Morning Thanks

Garrison Keillor once said we'd all be better off if we all started the day by giving thanks for just one thing. I'll try.

Thursday, January 03, 2013

Denial VI



Continuation of a story about two people, in love, who share similar yet distinct stories.

She didn't hear the car until it turned up into the driveway. But when she did hear it, she knew she was caught in the act, sitting there on Brian's own front steps with Ben in her arms. She turned quickly to see him jump out of the car and slam the door.

"They were playing hockey," she said right away, but he marched straight up toward the garage. "Brian," she yelled, "these kids--they were playing hockey across the street and this one here," she pointed with her head, "this one fell and skinned his knee."

Brian wouldn't look at her.

"Real blood," she said again, angrily this time. "Brian, I had to patch him up."

He wouldn't look.

"Maybe you should check the Band-Aid," she said. "You used to play basketball, and you know how boys get hurt and all that, and how to make 'em better." She struggled to her feet, Ben still in her arms, and started to walk towards Brian because there was only one way to take this on. She couldn't let him go in the house now, walk away. She was afraid to think of what she'd risk. She stood at the edge of the grass, nearly breaking under the boy's weight, but at least she'd stopped Brain. "Check it out?" she said. "Please?" The other boys stood beside her.

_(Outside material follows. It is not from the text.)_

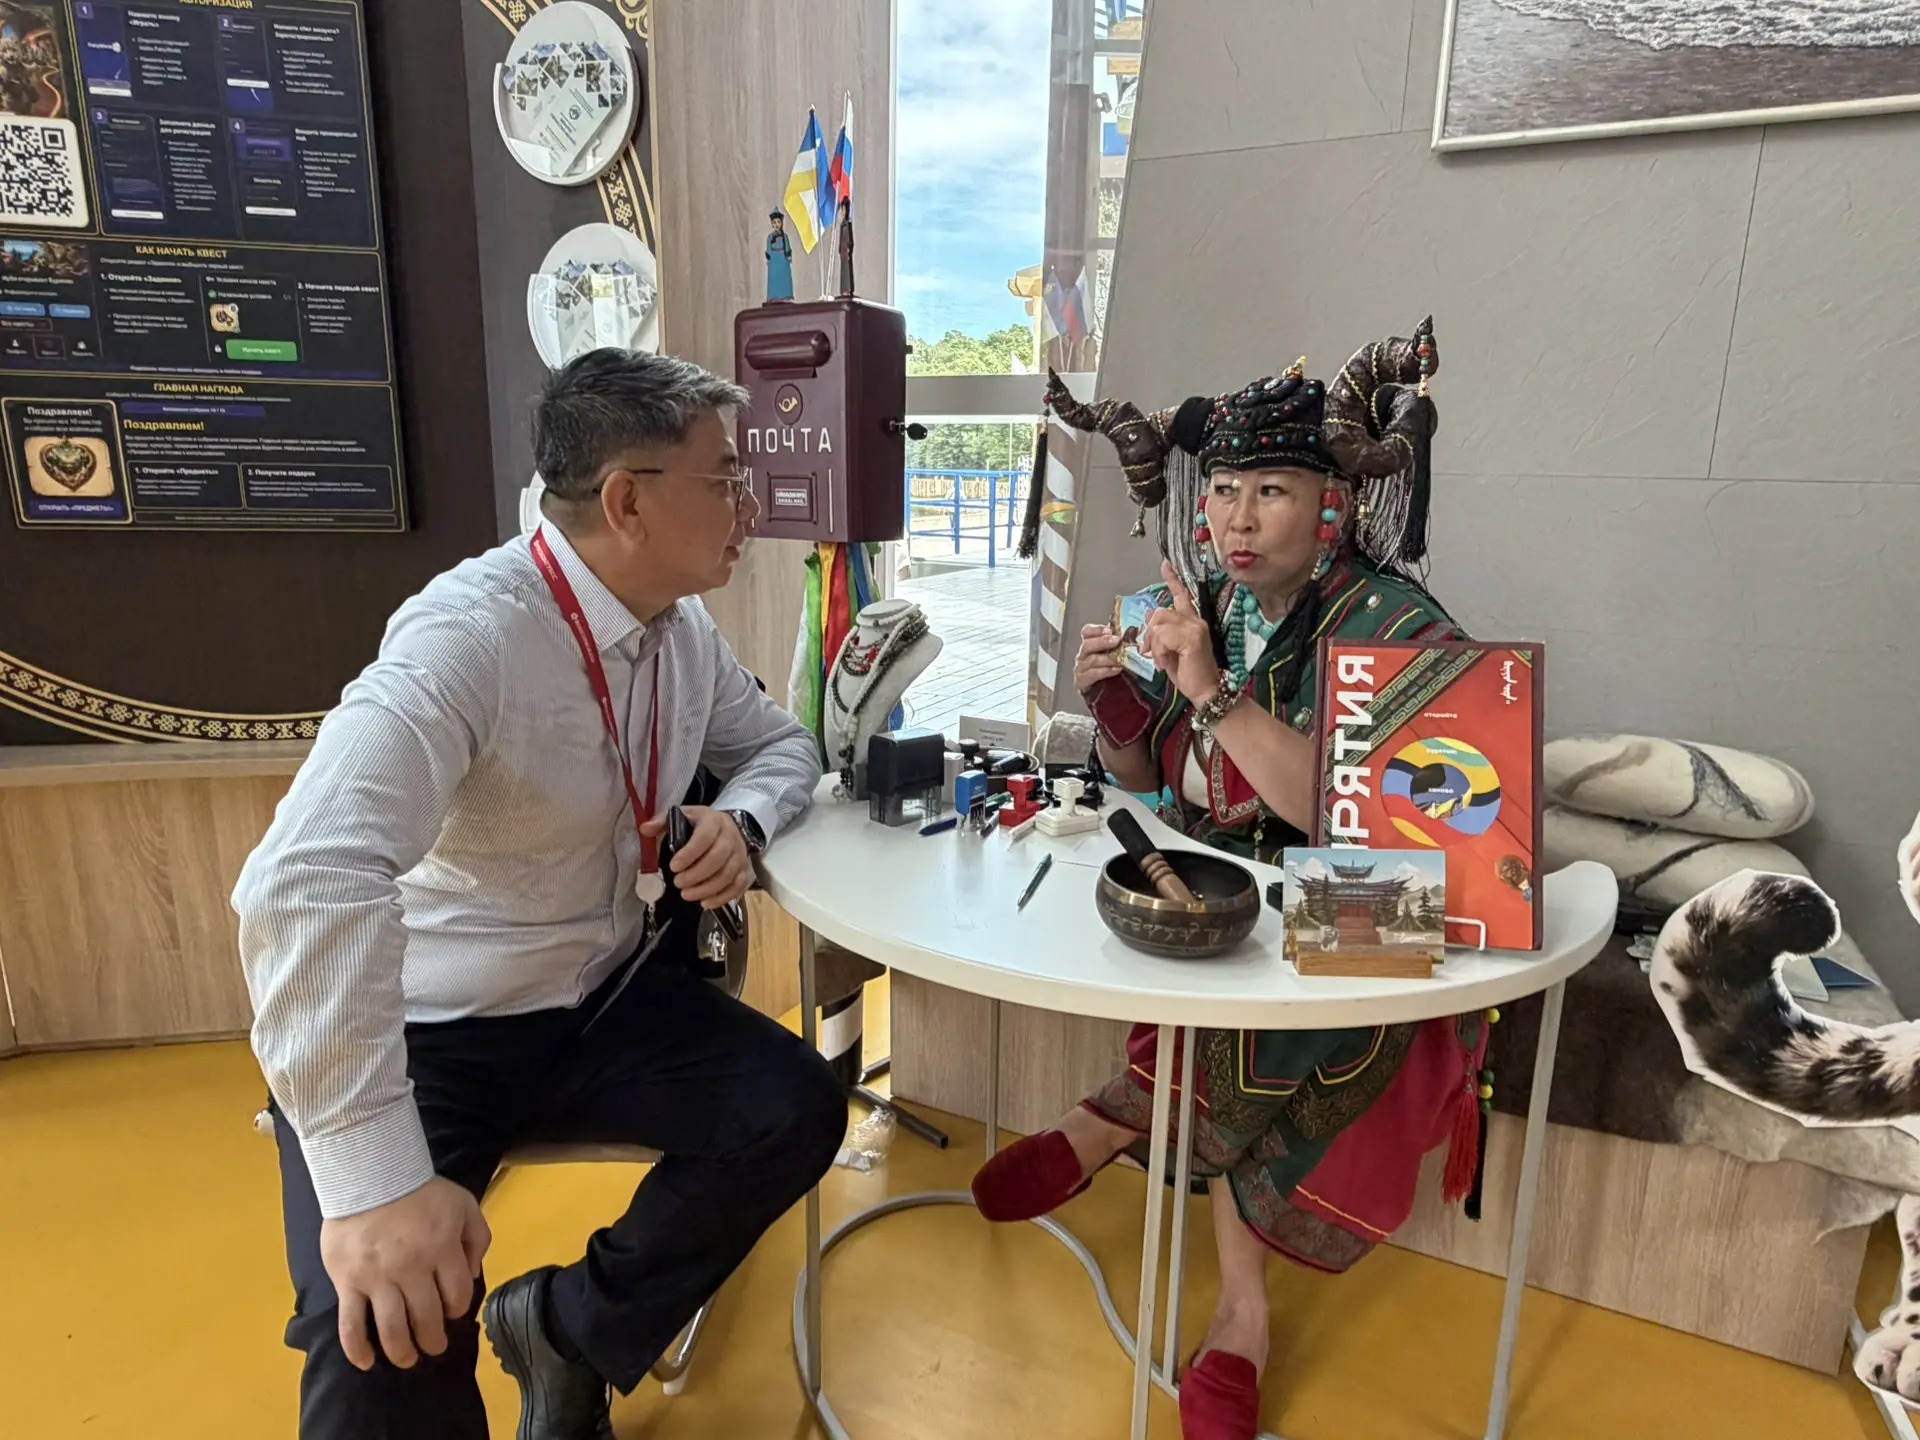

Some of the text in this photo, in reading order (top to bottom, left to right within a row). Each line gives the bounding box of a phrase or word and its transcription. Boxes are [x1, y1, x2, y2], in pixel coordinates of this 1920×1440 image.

Brian pretended to wipe something off his hands and onto his pants.

"These guys don't even know who I am," she said. "I promised them you'd have a look when you came home." That was a lie.

He looked at her, angrily.

"Please," she said. "He's been hurt real bad."

His face was gray and stiff as clay. She carried Ben right up to the garage door. "He says his grandma lives just down the block, but just look at him for me, will you?" she said. "Please?"

Finally, he looked down at the boy in her arms, his stern eyes in a kind of blur.

"I put two Band-Aids on here, Brian," she said, taking a step up on the driveway and offering him the bandaged knee. "You think that'll do, or you think we'll have to run upstairs and get him crutches? Maybe a wheelchair?--you got a wheelchair, Brian?"

"Yeaaahh," one of the boys said, "a wheel chair. That'd be great."

Brian was now looking at the boy. "Kid's all right," he said. "I got to take a shower." He started into the garage.

"Wait," she said. "You got to help." He had to do was touch him, she thought,--maybe if she could get him to touch his own boy. "Don't leave," she said, because she didn't want him alone right now.

Brian stopped, half-turned.

"I need you," she said, and backing up into the grass. Ben was still recovering from his crying jag. She put him down and pumped his leg with her hand. "Still works," she said. She had to get Brian beside her. Maybe he wouldn't hold the kid, but she wanted him to touch the boy--just touch him.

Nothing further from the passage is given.